One of these graduate students was Ilya Sutskver, who went on to co-found OpenAI and lead the development of ChatGPT. “We got the first hints that these things could be amazing,” Hinton says. “But it’s taken a long time to sink in because it has to be done on a massive scale to be good.” Back in the 1980s, neural networks were a joke. The dominant idea at the time, known as symbolic AI, was that intelligence involved processing symbols such as words or numbers.
But Hinton was not convinced. He worked on neural networks, software abstractions of the brain in which neurons and the connections between them are represented in code. By changing the way those neurons are wired, by changing the numbers used to represent them, the neural network can be tuned quickly. In other words, it is possible to learn.

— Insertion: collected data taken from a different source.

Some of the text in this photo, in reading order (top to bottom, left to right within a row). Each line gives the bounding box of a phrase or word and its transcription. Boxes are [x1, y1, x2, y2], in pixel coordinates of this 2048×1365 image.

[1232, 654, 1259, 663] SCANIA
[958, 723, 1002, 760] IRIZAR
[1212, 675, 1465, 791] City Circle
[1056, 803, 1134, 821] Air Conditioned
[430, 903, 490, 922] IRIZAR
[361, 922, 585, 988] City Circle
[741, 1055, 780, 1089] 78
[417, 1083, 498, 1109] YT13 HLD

“My dad was a biologist, so I thought in biological terms,” Hinton says. “And symbolic reasoning is clearly not at the core of biological intelligence.
“Crows can solve puzzles, but they don’t have a language. They don’t do this by saving strings of characters and manipulating them. They do this by changing the strength of connections between neurons in their brains. And so it should be possible to learn complex things by changing the strengths of connections in an artificial neural network.”
New intelligence
For 40 years, Hinton viewed artificial neural networks as a poor attempt to mimic biological networks. Now he thinks that has changed. by trying to mimic what biological brains do, he thinks we’ve come up with something better. “It’s scary when you see it,” he says. “It’s a sudden distraction.”

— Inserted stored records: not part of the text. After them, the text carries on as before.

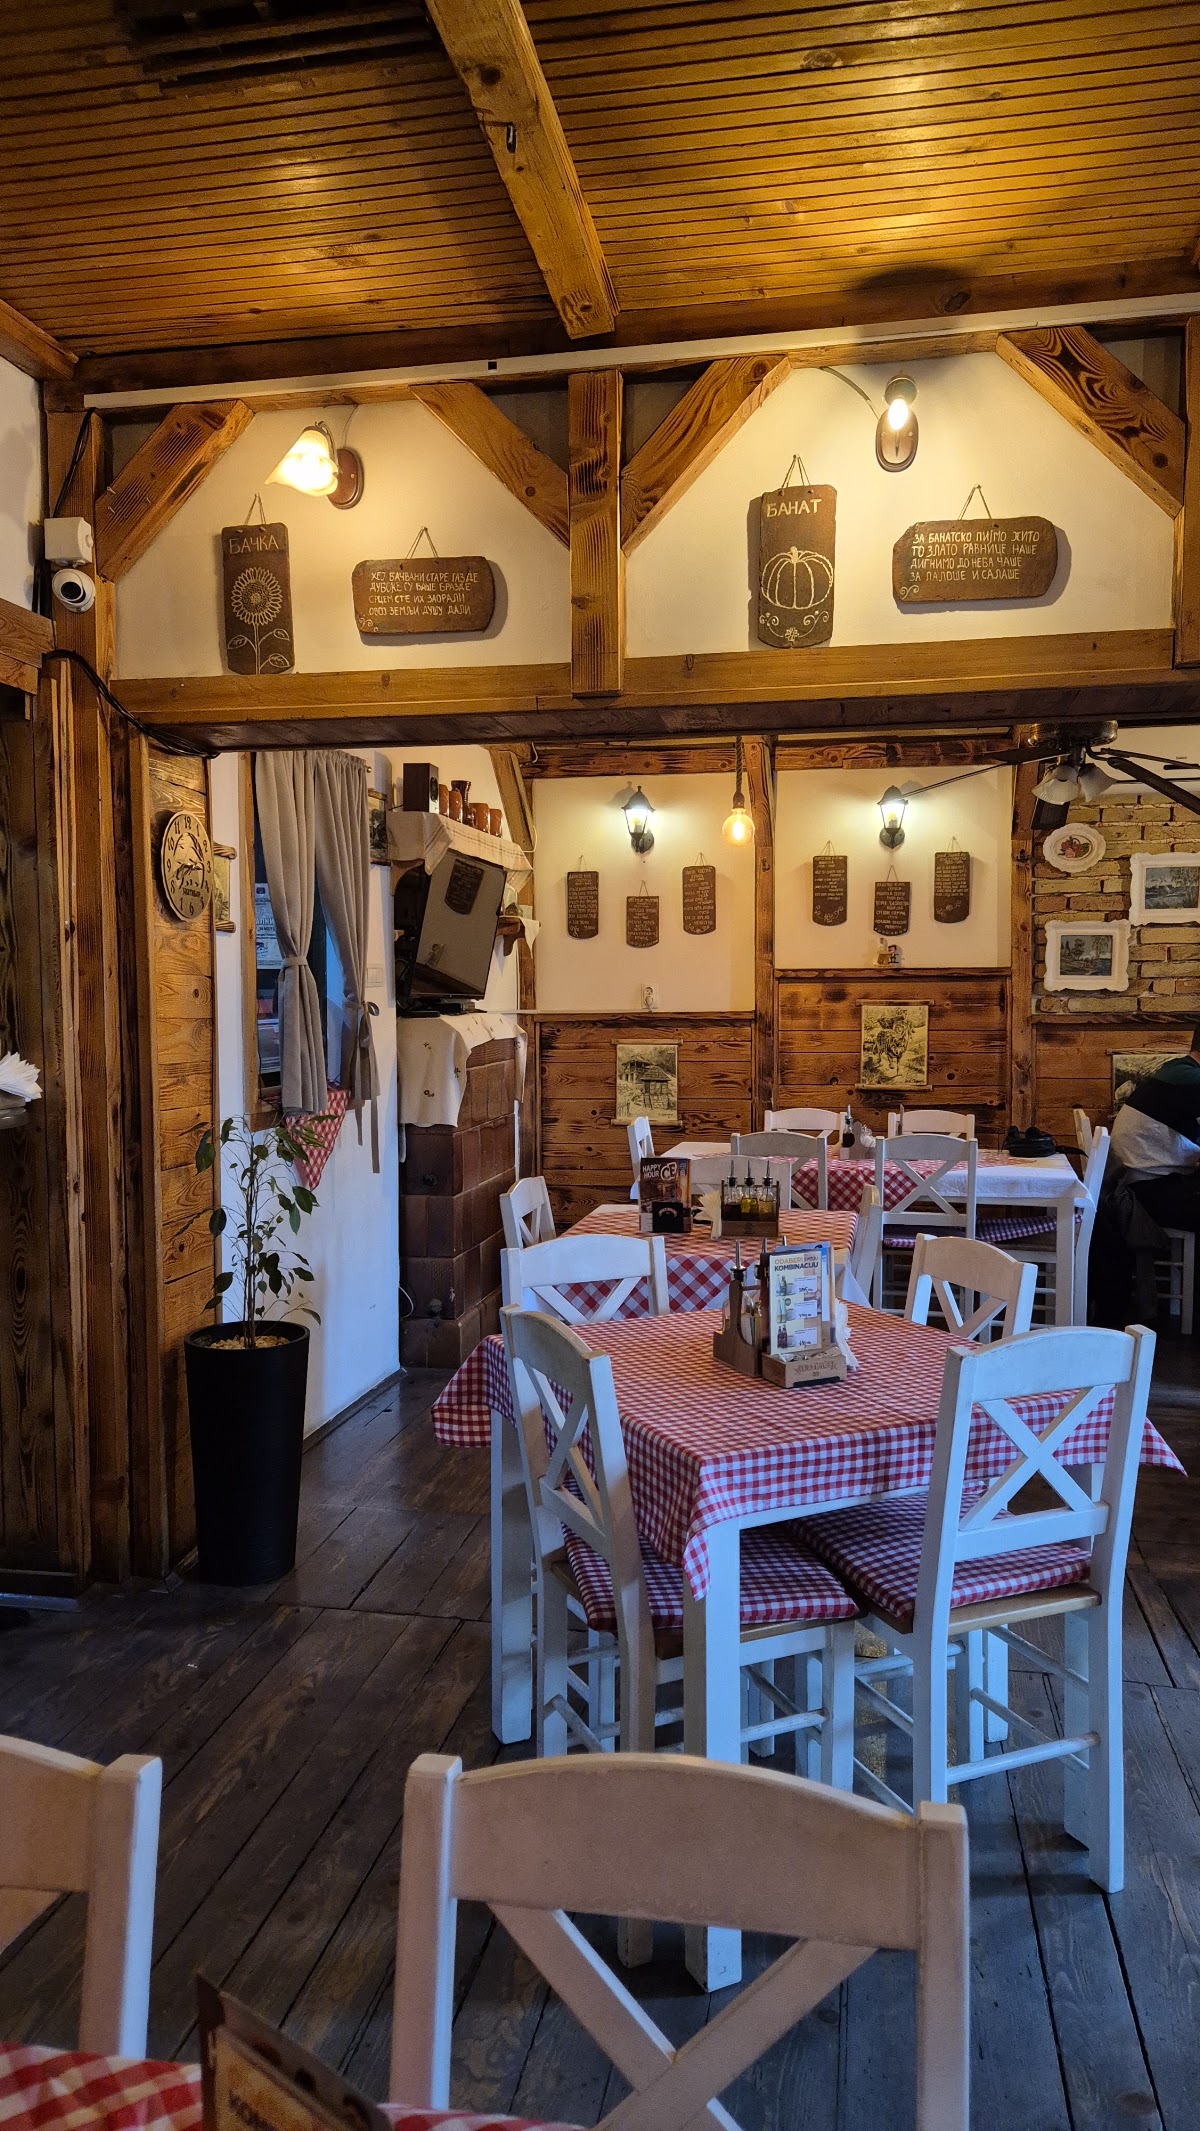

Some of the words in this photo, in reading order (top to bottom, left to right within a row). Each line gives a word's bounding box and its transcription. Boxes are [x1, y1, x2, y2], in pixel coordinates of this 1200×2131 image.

[766, 498, 822, 518] БАНАТ
[229, 534, 279, 554] БАЧКА
[912, 533, 925, 544] ЗА
[928, 531, 972, 544] БАНАТСКО
[976, 530, 1007, 545] ПИЈМО
[1011, 530, 1040, 542] ЖИТО
[911, 545, 925, 557] ТО
[925, 543, 958, 558] ЗЛАТО
[962, 542, 1006, 555] РАВНИЦЕ
[1012, 543, 1037, 555] НАШЕ
[910, 557, 955, 570] ДИГНИМО
[957, 557, 970, 569] ДО
[971, 556, 994, 568] НЕБА
[996, 556, 1022, 567] ЧАШЕ
[371, 571, 386, 582] ХЕЈ
[388, 571, 425, 582] БАЧВАНИ
[426, 572, 450, 582] СТАРЕ
[452, 572, 479, 583] ГАЗДЕ
[910, 571, 921, 582] ЗА
[971, 570, 980, 580] И
[981, 568, 1020, 580] САЛАШЕ
[369, 581, 402, 593] ДУБОКЕ
[403, 581, 413, 591] СУ
[439, 581, 471, 592] БРАЗДЕ
[394, 594, 410, 603] СТЕ
[413, 594, 425, 603] ИХ
[426, 592, 465, 603] ЗАОРАЛИ
[422, 605, 443, 616] ДУШУ
[447, 604, 471, 615] ДАЛИ
[174, 820, 181, 835] 11
[184, 816, 192, 830] 12
[167, 837, 175, 851] 10
[203, 839, 208, 853] 2
[166, 858, 172, 873] 9
[207, 861, 212, 874] 3
[170, 879, 176, 894] 8
[642, 1164, 662, 1173] HAPPY
[643, 1170, 660, 1179] HOUR
[774, 1256, 803, 1265] ODABERI
[774, 1262, 819, 1272] KOMBINACIJU

Hinton’s fears will strike many as the stuff of science fiction. But here is his case.
As their name suggests, large language models are made of massive neural networks with a huge number of connections. But they are small compared to the brain. “Our brain has 100 trillion connections,” Hinton says. “Large language models have up to half a trillion, a trillion at most. However, GPT-4 knows hundreds of times more than a single human. So maybe it actually has a much better learning algorithm than we do.”